A recent FAA Safety Alert for Operators (SAFO) emphasizes the need for flight crews to take a conservative approach when landing on water-slickened surfaces, going beyond the manufacturer's published landing distances and advisory data, and even the agency's own prior guidance on the matter.

Last year, the FAA published Advisory Circular 91-79A, which offered information to assist pilots with identifying, understanding and mitigating the risk factors that lead to runway overruns on landing. That was followed by a SAFO calling on turbojet aircraft operators to add a margin of at least 15 percent above the manufacturer's published dry-runway landing distances when landing on wet runways.
In many cases, though, even that allowance may not provide adequate stopping margins under all conditions. "When determining published landing distances, the manufacturer was trying to hit the absolute, best-case numbers," noted Ben Kohler, lead member of the Technical Excellence Working Group of NBAA's Safety Committee and a Dassault 2000EX and Gulfstream GIV-SP captain.

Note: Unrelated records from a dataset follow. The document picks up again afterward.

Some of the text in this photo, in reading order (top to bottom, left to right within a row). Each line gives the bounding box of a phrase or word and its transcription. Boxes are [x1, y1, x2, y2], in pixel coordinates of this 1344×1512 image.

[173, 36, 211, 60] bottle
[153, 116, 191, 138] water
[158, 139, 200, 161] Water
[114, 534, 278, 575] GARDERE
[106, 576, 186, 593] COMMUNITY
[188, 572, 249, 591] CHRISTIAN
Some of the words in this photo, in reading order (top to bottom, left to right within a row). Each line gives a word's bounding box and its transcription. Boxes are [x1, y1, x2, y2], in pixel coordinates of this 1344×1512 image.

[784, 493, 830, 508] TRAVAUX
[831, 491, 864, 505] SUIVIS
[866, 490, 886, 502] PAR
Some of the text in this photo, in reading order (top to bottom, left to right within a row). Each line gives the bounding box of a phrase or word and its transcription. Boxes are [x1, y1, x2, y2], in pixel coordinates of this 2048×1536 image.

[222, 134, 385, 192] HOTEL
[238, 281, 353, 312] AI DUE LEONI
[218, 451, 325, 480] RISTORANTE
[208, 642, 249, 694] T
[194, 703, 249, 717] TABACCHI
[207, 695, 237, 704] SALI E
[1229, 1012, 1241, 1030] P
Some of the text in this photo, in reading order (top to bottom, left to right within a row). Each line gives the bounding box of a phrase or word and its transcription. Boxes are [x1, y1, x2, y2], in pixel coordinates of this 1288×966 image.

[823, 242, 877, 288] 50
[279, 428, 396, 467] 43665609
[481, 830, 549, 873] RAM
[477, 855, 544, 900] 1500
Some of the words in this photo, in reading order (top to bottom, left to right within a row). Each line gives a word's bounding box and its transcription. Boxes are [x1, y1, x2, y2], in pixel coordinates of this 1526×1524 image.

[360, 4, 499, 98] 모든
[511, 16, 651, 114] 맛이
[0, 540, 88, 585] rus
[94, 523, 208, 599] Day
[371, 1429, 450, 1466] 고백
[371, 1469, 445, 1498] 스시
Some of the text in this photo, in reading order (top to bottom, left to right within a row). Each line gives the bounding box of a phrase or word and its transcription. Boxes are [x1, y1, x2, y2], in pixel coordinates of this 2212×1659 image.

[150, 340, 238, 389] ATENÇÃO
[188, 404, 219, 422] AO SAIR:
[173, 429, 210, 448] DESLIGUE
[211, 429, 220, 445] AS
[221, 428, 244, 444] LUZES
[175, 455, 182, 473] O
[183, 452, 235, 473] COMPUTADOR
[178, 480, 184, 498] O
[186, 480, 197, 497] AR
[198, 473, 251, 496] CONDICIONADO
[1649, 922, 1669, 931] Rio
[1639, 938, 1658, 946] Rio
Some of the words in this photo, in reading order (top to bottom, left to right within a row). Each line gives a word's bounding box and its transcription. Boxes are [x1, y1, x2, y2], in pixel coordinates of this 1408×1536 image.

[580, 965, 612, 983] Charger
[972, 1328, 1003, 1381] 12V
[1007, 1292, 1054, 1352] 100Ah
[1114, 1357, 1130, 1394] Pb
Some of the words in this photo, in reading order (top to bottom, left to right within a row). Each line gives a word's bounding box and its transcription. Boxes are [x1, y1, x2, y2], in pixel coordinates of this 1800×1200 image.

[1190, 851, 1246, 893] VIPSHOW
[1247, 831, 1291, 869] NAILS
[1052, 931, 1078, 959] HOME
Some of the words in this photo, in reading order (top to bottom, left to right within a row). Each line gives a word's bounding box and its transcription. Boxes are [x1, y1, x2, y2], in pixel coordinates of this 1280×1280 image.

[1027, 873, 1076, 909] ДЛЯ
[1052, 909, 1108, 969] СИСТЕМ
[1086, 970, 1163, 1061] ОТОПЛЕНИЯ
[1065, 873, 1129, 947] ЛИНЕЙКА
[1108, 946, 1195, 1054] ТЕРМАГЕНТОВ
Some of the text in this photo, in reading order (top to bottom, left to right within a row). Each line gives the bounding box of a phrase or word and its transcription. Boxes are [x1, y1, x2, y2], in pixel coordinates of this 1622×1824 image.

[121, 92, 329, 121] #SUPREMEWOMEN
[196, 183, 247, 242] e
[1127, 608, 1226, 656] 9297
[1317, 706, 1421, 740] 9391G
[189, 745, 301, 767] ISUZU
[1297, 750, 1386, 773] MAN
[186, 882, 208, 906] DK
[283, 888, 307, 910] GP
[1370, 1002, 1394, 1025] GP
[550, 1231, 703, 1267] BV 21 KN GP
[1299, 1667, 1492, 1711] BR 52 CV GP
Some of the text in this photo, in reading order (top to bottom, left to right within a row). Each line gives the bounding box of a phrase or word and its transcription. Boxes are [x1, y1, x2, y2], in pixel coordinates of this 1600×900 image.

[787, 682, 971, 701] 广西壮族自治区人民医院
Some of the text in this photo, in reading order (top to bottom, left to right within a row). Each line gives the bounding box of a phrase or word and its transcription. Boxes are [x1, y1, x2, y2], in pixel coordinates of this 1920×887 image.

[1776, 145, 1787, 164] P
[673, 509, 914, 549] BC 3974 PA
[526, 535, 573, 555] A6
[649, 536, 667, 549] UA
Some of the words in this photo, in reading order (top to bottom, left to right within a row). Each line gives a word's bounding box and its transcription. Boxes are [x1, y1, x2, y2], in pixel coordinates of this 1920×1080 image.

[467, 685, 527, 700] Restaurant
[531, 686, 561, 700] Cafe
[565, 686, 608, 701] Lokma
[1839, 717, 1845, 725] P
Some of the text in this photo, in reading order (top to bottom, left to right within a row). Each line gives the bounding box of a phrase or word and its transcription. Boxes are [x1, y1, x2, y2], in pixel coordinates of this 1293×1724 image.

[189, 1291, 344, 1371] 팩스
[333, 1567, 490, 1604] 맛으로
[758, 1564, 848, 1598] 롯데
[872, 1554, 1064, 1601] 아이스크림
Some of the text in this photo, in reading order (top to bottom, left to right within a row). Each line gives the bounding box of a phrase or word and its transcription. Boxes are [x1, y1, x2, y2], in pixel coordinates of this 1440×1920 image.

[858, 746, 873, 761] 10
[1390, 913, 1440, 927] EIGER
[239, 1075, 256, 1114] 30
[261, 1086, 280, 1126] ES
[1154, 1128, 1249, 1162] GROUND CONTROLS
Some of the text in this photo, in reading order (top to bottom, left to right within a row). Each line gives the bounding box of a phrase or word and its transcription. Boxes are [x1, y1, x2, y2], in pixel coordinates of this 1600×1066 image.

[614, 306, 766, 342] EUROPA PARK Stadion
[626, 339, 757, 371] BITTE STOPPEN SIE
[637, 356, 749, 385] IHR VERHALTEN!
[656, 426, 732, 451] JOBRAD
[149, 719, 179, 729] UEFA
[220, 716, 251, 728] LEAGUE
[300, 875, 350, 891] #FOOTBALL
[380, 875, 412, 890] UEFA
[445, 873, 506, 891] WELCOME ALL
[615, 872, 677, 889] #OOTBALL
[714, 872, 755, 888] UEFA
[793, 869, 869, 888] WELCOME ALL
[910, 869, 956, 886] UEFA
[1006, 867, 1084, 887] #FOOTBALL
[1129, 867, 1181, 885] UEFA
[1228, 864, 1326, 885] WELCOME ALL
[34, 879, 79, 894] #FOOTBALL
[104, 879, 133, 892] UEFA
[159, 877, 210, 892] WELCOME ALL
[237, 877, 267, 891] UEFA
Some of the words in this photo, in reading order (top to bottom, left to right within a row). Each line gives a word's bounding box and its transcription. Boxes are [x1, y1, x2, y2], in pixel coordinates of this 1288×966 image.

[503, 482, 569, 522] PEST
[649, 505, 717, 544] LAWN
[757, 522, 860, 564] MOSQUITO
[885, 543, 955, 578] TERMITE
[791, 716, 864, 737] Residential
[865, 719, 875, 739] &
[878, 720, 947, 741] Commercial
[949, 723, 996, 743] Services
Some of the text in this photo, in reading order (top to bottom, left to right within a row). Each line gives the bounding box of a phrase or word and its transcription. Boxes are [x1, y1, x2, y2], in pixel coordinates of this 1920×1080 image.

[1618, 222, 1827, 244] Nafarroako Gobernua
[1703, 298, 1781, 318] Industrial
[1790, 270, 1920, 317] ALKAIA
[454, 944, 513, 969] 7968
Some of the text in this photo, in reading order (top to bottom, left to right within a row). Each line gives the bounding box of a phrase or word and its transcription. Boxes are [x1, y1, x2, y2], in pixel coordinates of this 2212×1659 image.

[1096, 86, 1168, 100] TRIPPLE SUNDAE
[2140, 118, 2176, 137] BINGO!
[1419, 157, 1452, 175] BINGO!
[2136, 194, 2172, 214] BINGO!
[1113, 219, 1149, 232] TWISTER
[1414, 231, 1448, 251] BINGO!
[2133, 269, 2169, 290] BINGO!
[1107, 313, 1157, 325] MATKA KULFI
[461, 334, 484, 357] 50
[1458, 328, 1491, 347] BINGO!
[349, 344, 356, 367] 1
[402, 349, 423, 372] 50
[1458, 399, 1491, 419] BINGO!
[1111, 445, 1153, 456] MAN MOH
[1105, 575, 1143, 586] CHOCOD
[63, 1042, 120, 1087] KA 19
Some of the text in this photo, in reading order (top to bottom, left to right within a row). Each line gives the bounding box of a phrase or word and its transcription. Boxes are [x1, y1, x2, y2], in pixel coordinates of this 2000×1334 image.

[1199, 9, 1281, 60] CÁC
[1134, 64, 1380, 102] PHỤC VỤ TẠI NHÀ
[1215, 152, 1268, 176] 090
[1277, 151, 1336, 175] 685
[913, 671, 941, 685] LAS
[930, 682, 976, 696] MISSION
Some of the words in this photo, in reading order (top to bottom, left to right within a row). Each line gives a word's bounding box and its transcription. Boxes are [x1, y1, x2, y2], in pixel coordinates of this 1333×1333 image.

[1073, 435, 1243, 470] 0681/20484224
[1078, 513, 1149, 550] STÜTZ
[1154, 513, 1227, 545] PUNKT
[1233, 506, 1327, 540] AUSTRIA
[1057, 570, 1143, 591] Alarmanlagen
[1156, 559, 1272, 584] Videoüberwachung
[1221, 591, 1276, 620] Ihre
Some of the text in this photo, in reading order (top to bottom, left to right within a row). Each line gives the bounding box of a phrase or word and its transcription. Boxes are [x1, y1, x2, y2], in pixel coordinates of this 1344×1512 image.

"That generally means crossing the threshold at 50 feet, at Vref and applying maximum braking immediately after touchdown," Kohler explained. "If you actually operated like that, however, the passengers in back likely would never fly with you again."
For single-plane/single-pilot operators and small flight departments, Kohler suggested emulating the best practices of larger flight departments, not only in planning greater margins when landing on wet or contaminated runways, but also in looking for additional opportunities to incorporate similar safety guidelines throughout other phases of their operations.
"Such an approach extends from preflight planning, to incorporating more conservative performance margins (minimum runway length or width, maximum crosswind, etc.), post-flight debriefings and gathering feedback from crews regarding the effectiveness of planned mitigations for a given flight," said Kohler.
Additionally, a guide being drafted by the Technical Excellence Working Group will assist operators in developing these practices, as well as incorporating case studies and performance problems to generate discussions at flight department safety meetings.
"Without question, we all must work harder to prevent runway excursions," he concluded. "The Flight Safety Foundation examined 14 years of accident data for commercial aircraft and found that 30 percent of those accidents involved runway operations. Of those, 97 percent involved a runway overrun. That's a big chunk, and the risk factors apply to other aircraft types, as well."